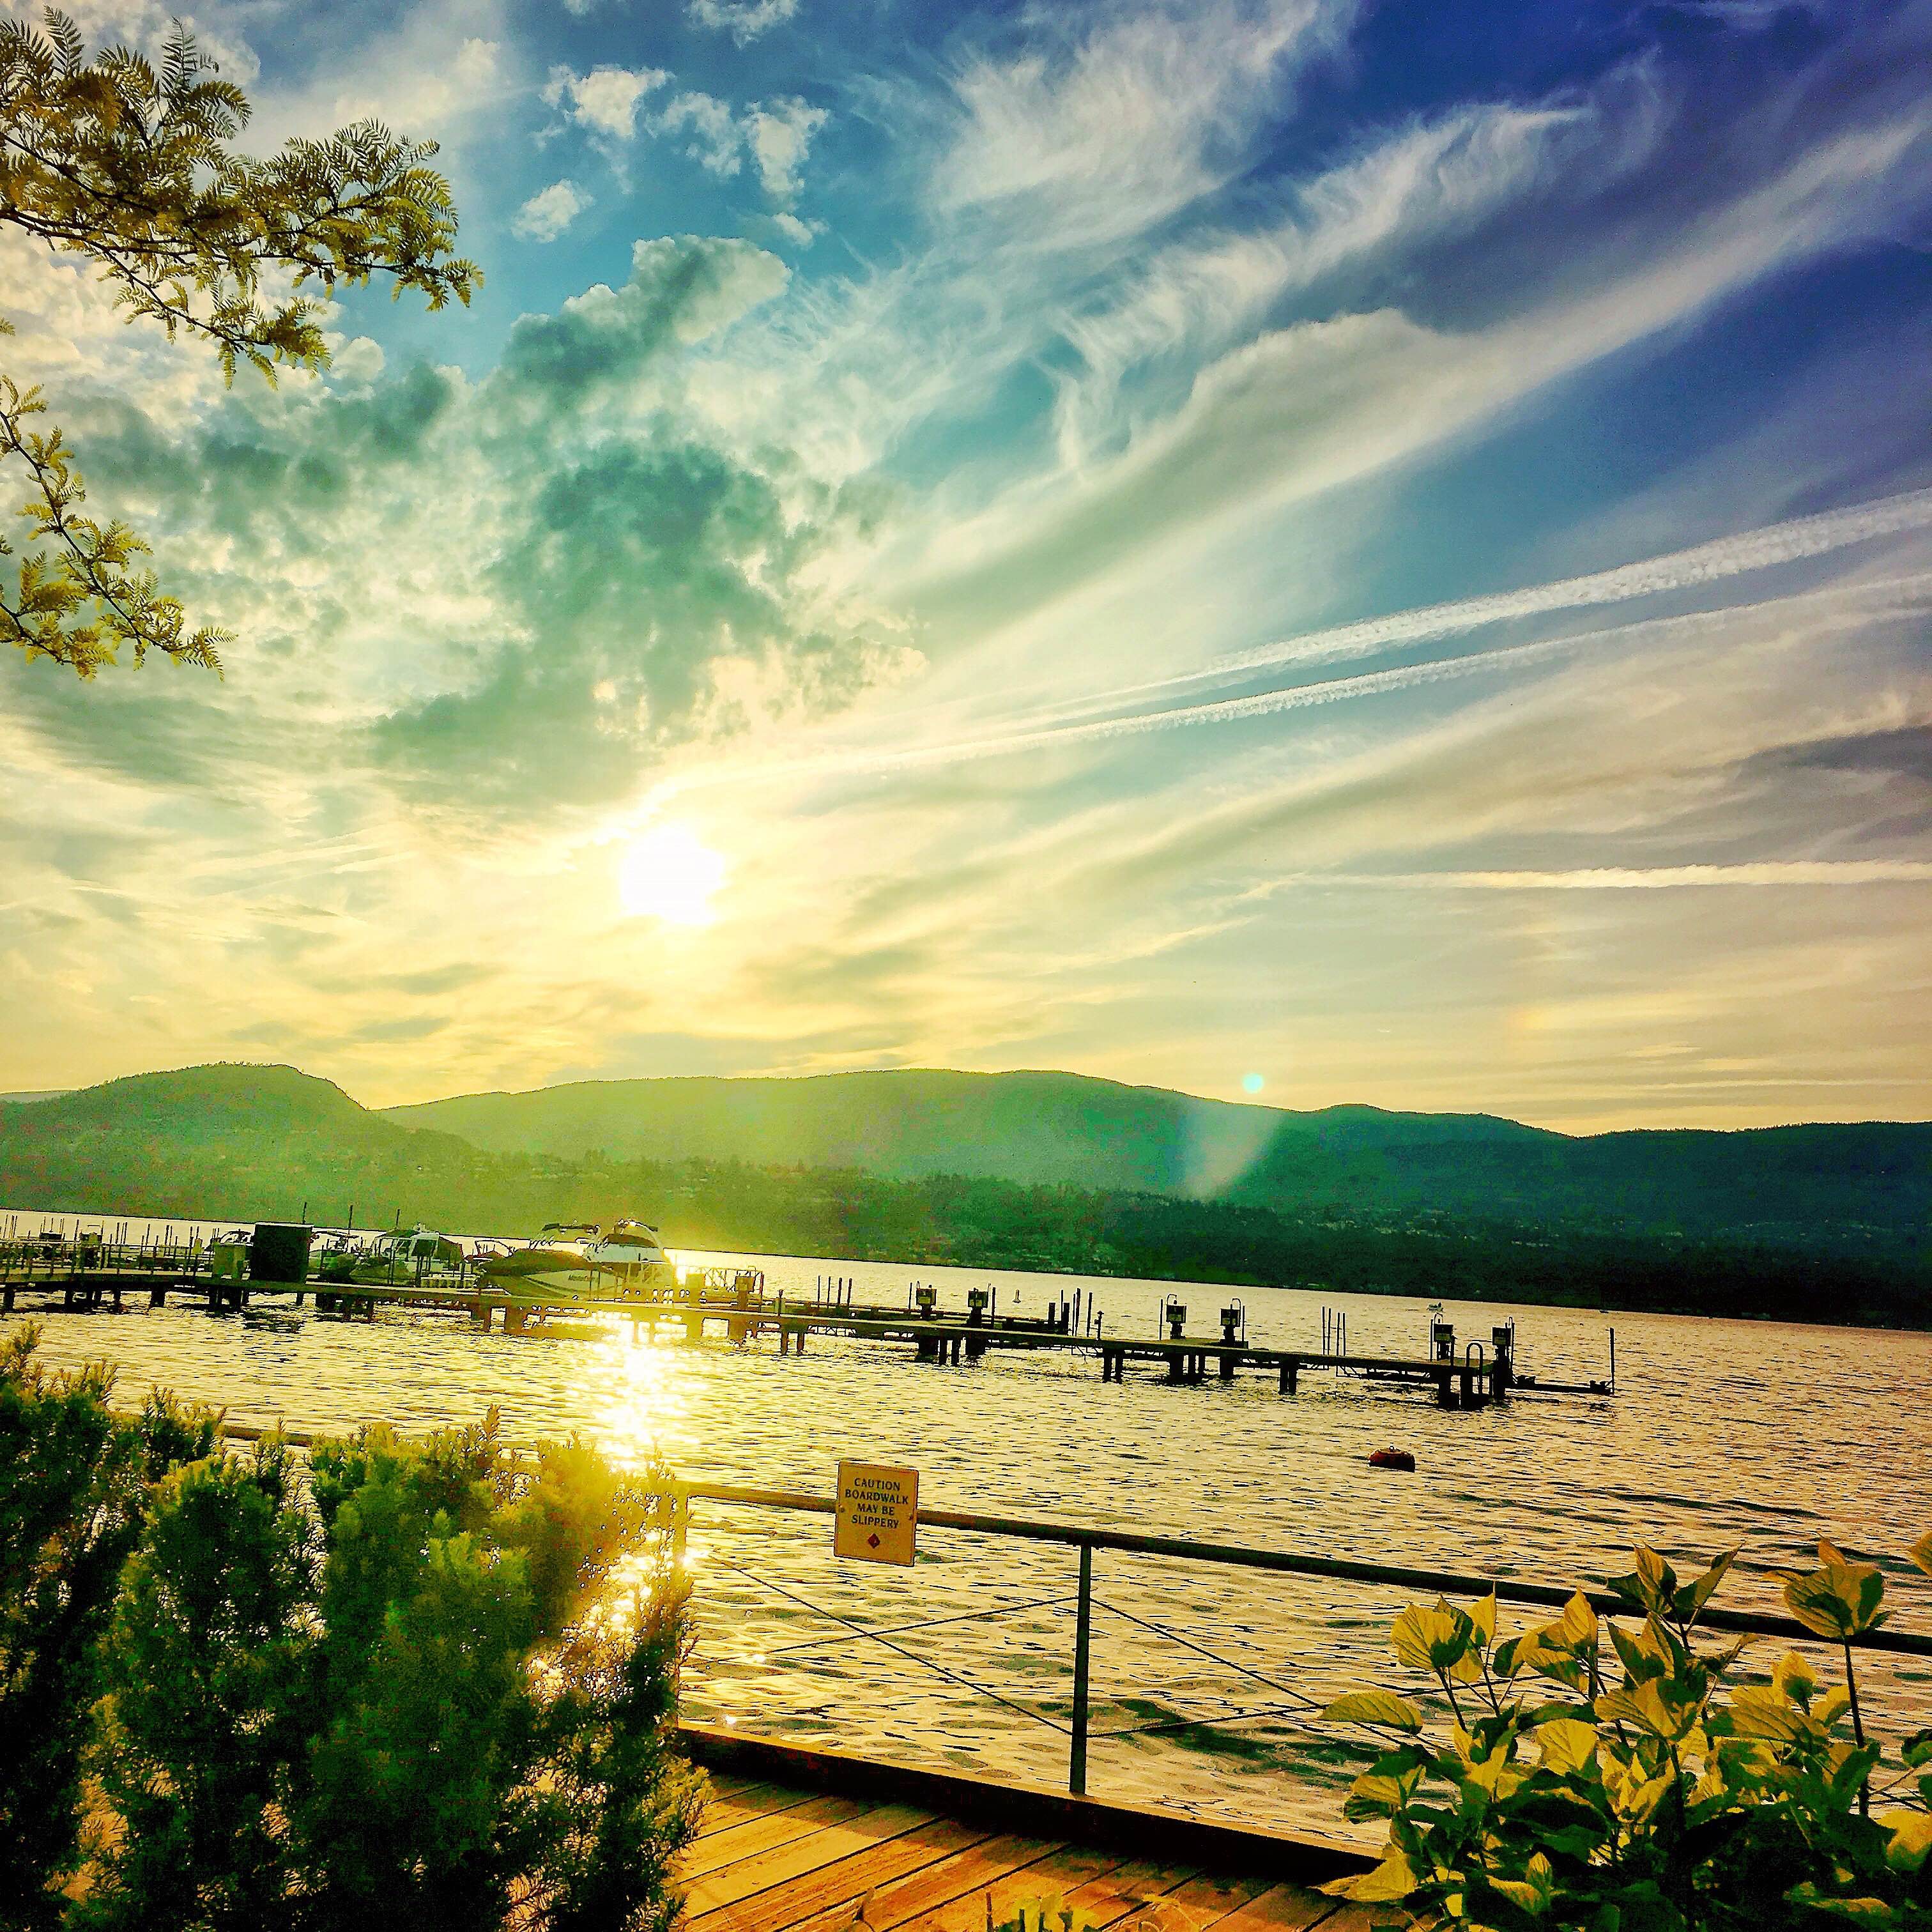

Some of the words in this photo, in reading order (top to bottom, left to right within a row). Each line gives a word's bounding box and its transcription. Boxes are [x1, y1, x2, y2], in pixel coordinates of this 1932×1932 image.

[854, 1478, 900, 1491] CAUTION
[845, 1489, 908, 1504] BOARDWALK
[857, 1503, 878, 1514] MAY
[882, 1506, 895, 1515] BE
[852, 1515, 899, 1529] SLIPPERY
* * *
◆ The problem: Please retype every record above exactly, leaving out the pictures.

◆ Worked solution:
Some of the words in this photo, in reading order (top to bottom, left to right within a row). Each line gives a word's bounding box and its transcription. Boxes are [x1, y1, x2, y2], in pixel coordinates of this 1932×1932 image.

[854, 1478, 900, 1491] CAUTION
[845, 1489, 908, 1504] BOARDWALK
[857, 1503, 878, 1514] MAY
[882, 1506, 895, 1515] BE
[852, 1515, 899, 1529] SLIPPERY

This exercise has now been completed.